The host of physiological changes activated by a stressful event are unleashed in part by activation of a nucleus in the brain stem called the locus ceruleus. This nucleus is the origin of most norepinephrine pathways in the brain. Neurons using norepinephrine as their neurotransmitter project bilaterally from the locus ceruleus along distinct pathways to the cerebral cortex, limbic system, and the spinal cord, among other projections.

At synapses it acts on both alpha and beta adrenoreceptors.

Antidepressants

Changes in the norepinephrine system are implicated in depression. Serotonin-norepinephrine reuptake inhibitors (SNRIs) treat depression by increasing the amount of serotonin and norepinephrine available to postsynaptic cells in the brain. There is some recent evidence showing that the norepinephrine transporter also normally transports some dopamine as well, implying that SNRIs may also increase dopamine transmission. This is because SNRIs work by preventing the serotonin and norepinephrine transporter from taking their respective neurotransmitters back to their storage vesicles for later use. If the norepinephrine transporter normally recycles some dopamine too, then SNRIs will also enhance dopaminergic transmission. Therefore, the antidepressant effects associated with increasing norepinephrine levels may also be partly or largely due to the concurrent increase in dopamine (particularly in the prefrontal cortex).

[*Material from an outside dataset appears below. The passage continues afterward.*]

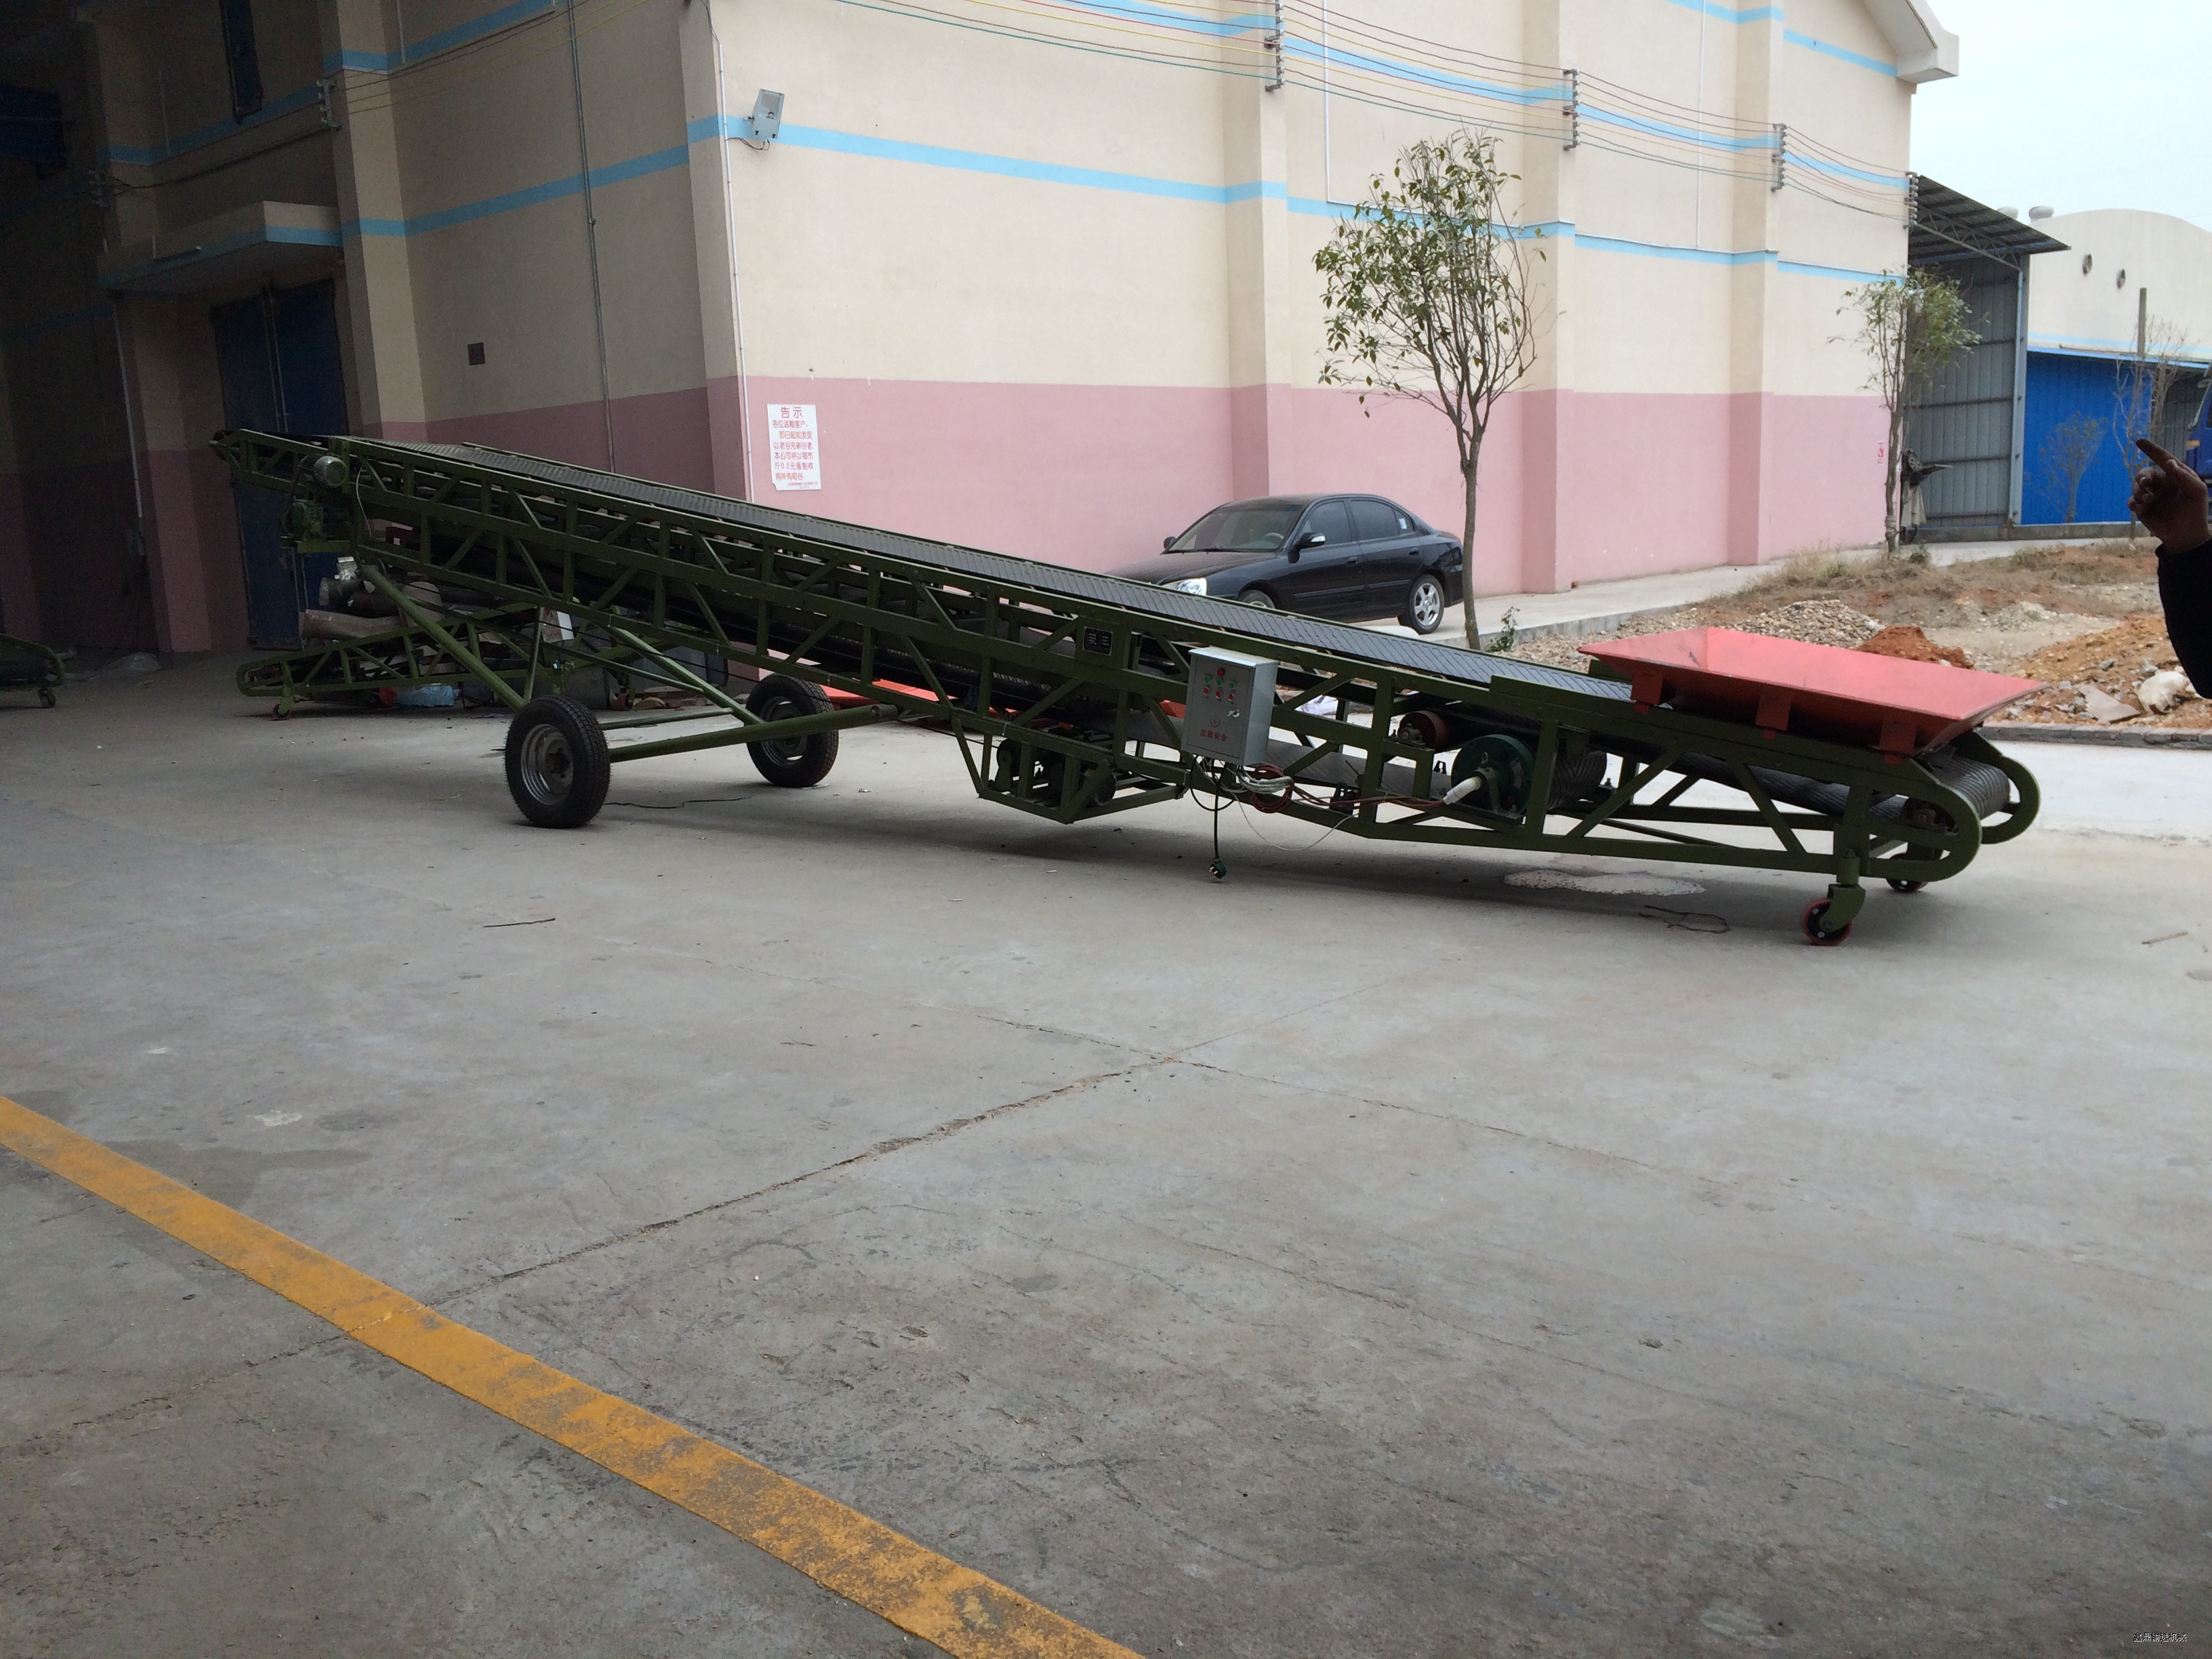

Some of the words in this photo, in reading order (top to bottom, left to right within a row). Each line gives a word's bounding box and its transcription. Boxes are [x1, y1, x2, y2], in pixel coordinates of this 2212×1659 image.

[780, 407, 803, 419] 告示
[1200, 729, 1227, 742] 注意安全

Some other antidepressants (for example some tricyclic antidepressants (TCAs)) affect norepinephrine as well, in some cases without affecting other neurotransmitters (at least not directly).

Role in attention

Norepinephrine, along with dopamine, has come to be recognized as playing a large role in attention and focus. In response, Eli Lilly Pharmaceuticals has released Strattera (atomoxetine), a selective norephinephrine reuptake inhibitor, for the treatment of ADHD in adults and children. Strattera is unique in medications specifically indicated for ADHD, as, unlike the psychostimulants (methylphenidate, dextroamphetamine, Adderall (a racemic mixture of amphetamine salts)), it affects norephinephrine, rather than dopamine. As a result, Strattera has a very low abuse potential and can act 24 hours-per-day. (It should be noted that some antidepressants, including SNRIs, have been used off-label for treatment of ADHD.)

Clinical use

Norepinephrine (commonly referred to by the brand name Levophed) is also a powerful medicine used in critically-ill patients as a vasopressor. It is given intravenously and acts on both alpha-1 and beta-1 adrenergic receptors to cause vasoconstriction. Norepinephrine is mainly used to treat patients in septic shock.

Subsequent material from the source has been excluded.